2014 art exhibition in Hong Kong

Mapping Asia was an art exhibition presented in the Asia Art Archive library in Hong Kong from May 12 to August 29, 2014. A physical unfolding of the Mapping Asia book, the exhibition manifested itself in space through artworks, objects, documentation, and videos and material from AAA's collection, considering one of the most frequently posed questions at Asia Art Archive: how is “Asia” defined?

== List of artists exhibited ==
Artists in the exhibition included Wong Hoy Cheong, MAP Office, Kwan Sheung-chi, Harry Harrison, Teboho Edkins, Zhou Tiehai, Erbossyn Meldibekov, Maria Thereza Alves, Naeem Mohaiemen, Ho Tzu Nyen, Sumangala Damodaran, Zarina Hashmi, Francisco Camacho, Karta Singh Healy, CAMP, Agha Shahid Ali, Bagyi Aung Soe, Tom Molloy, Adam Bobbette, and Robert Zhao. Unofficial "satellite sites" included Khalsa Diwan Sikh Temple, Hong Kong Maritime Museum, Chungking Mansions, Sai Wan War Cemetery and a 1967 Riots tour in North Point.

An exhibition catalogue was published in conjunction with the exhibition.
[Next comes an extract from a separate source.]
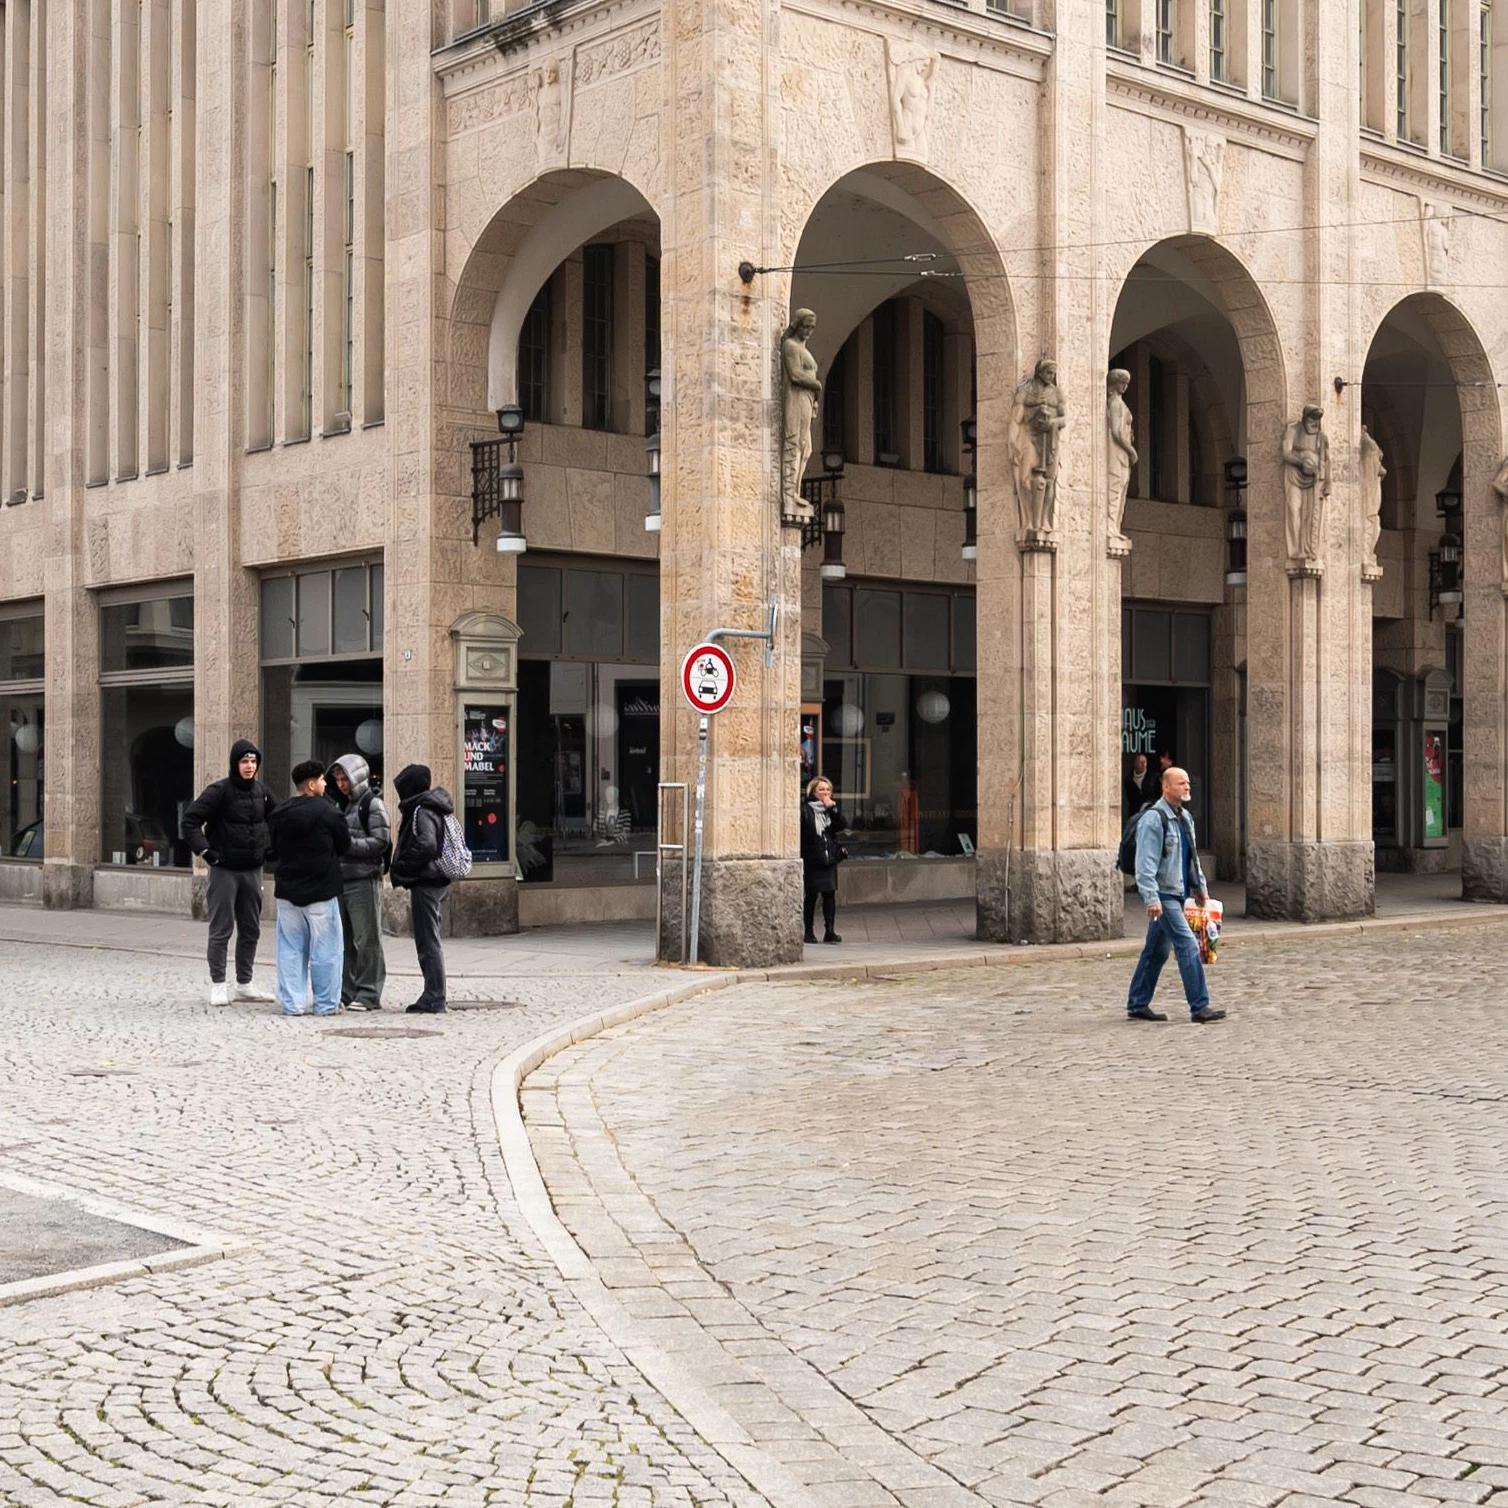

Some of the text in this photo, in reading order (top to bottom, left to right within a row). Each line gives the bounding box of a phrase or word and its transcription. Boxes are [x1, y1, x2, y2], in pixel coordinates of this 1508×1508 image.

[1121, 707, 1146, 731] AUS
[464, 741, 490, 751] MACK
[464, 752, 484, 761] UND
[464, 762, 495, 771] MABEL
== Mapping Asia project ==
The Mapping Asia project took form in an expanded publication Mapping Asia, an exhibition, and a series of programmes between April and September 2014. Traversing land and sea, connecting Guangzhou to Peru, Lesotho and Elba with a field note-like approach that includes artwork, essays, email exchange, literary extracts, film, exhibition reviews, music, newspaper clippings and comics, the project offered impressions of Asia to stimulate further research.
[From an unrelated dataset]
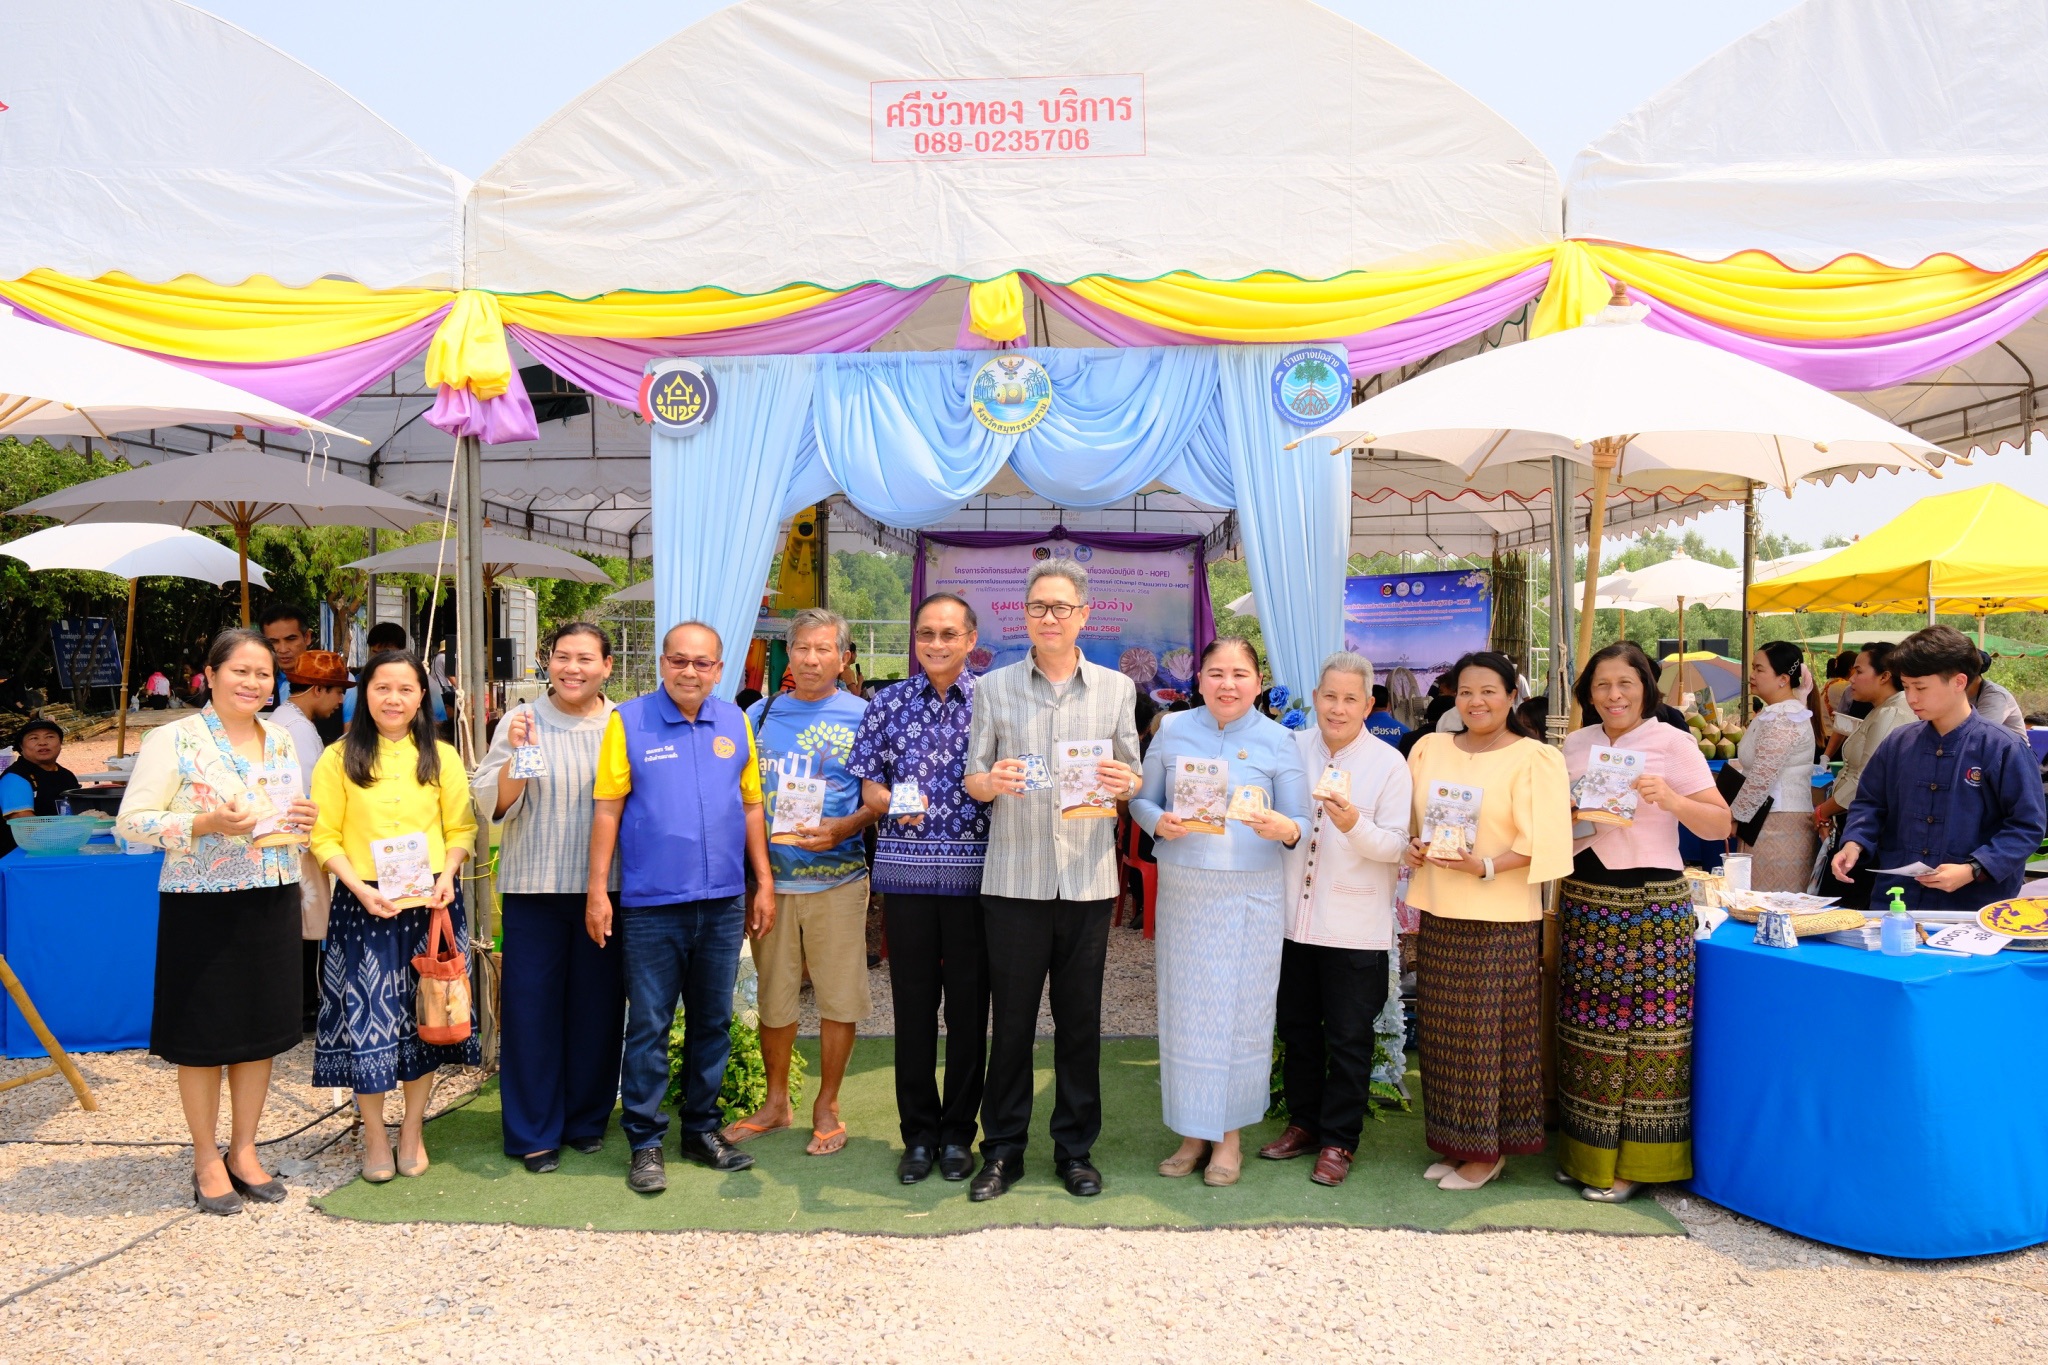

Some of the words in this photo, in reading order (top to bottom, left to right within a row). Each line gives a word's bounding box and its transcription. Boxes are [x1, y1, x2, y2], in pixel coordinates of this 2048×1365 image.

The publication includes a foreword by co-editors Claire Hsu and Chantal Wong, and contributions from MAP Office, Rasheed Araeen and Chen Kuan-hsing, Brinda Kumar, Yin Ker, Teboho Edkins, Phoebe Wong, Ho Tzu Nyen and Robert Wessing, Francisco Camacho, Adam Bobbette, Terence Pang, Sardjana Sumichan, Toru Hanai, Zhou Tiehai, AMitav Ghosh, Andrew Ross and MTL (Nitasha Dhillon and Amin Husain), Harry Harrison, Jeannie Wu and Agha Shahid Ali.

Public programs included Singing Resistance with Sumangala Damodaran, a concert featuring songs from India's anti-colonial and immediate post-colonial resistance movement, presented in collaboration with Spring Workshop.